Assigned task
Reproduce the entries in full. Exclude all images from the copy.

Saved entries:
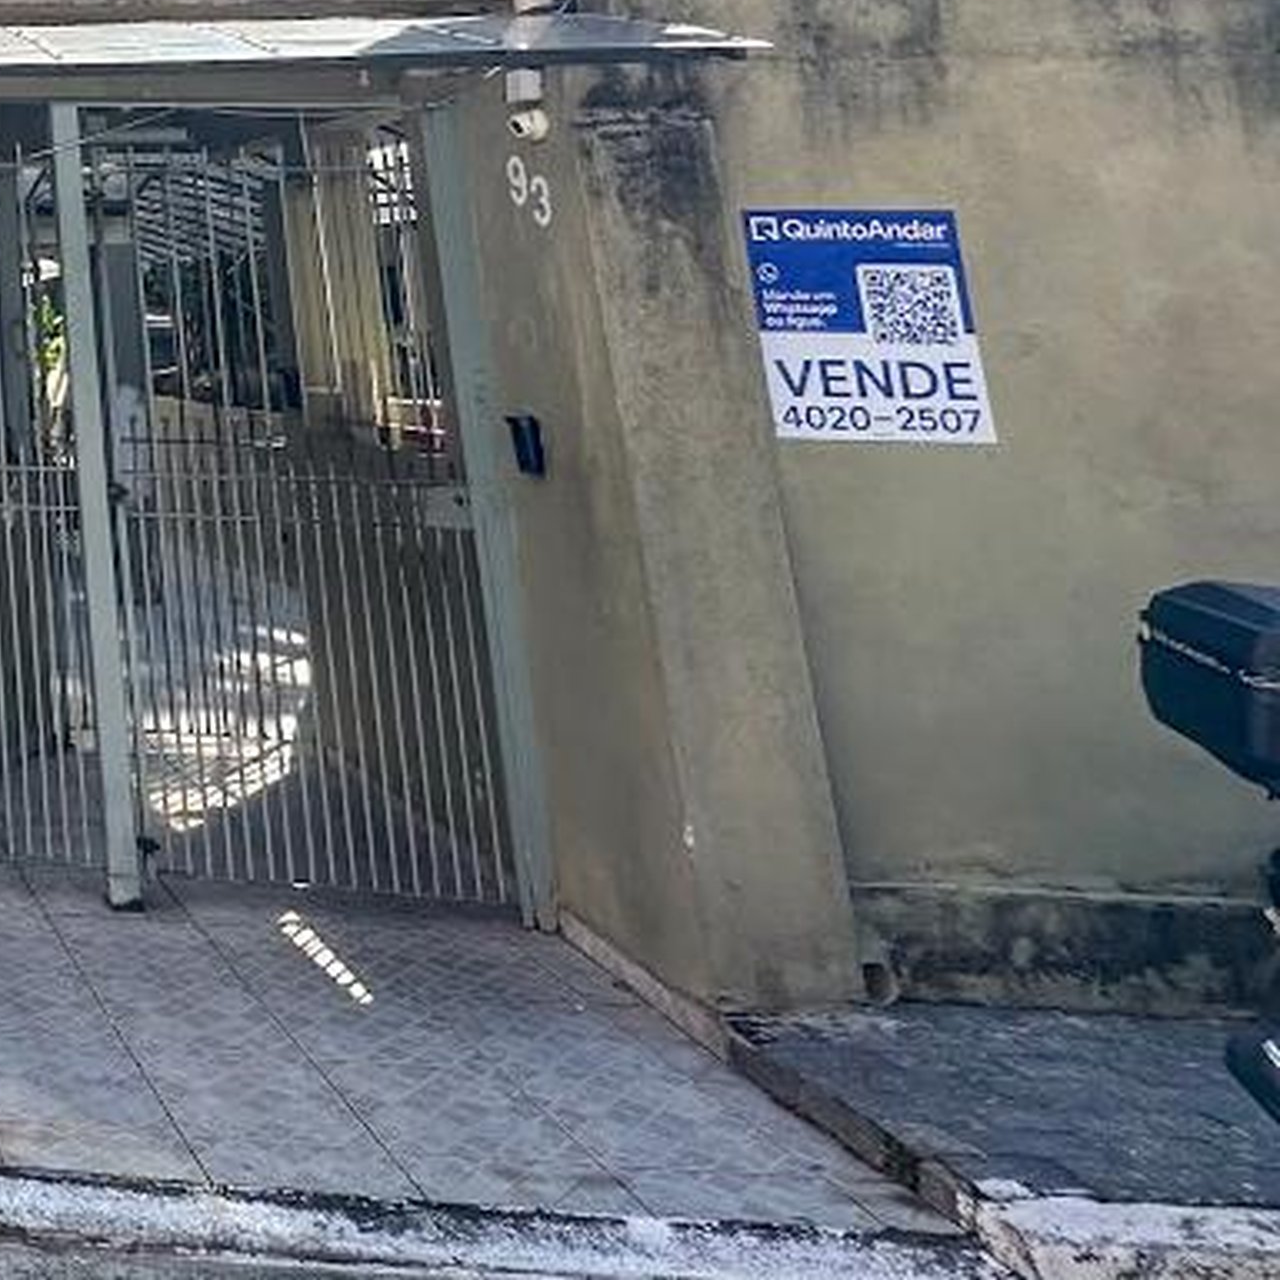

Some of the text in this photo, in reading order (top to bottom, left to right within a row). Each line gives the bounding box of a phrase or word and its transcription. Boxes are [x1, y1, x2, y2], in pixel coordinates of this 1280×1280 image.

[506, 155, 552, 227] 93
[782, 218, 949, 241] QuintoAndar
[774, 359, 978, 402] VENDE
[782, 405, 981, 434] 4020-2507

Written response
Some of the text in this photo, in reading order (top to bottom, left to right within a row). Each line gives the bounding box of a phrase or word and its transcription. Boxes are [x1, y1, x2, y2], in pixel coordinates of this 1280×1280 image.

[506, 155, 552, 227] 93
[782, 218, 949, 241] QuintoAndar
[774, 359, 978, 402] VENDE
[782, 405, 981, 434] 4020-2507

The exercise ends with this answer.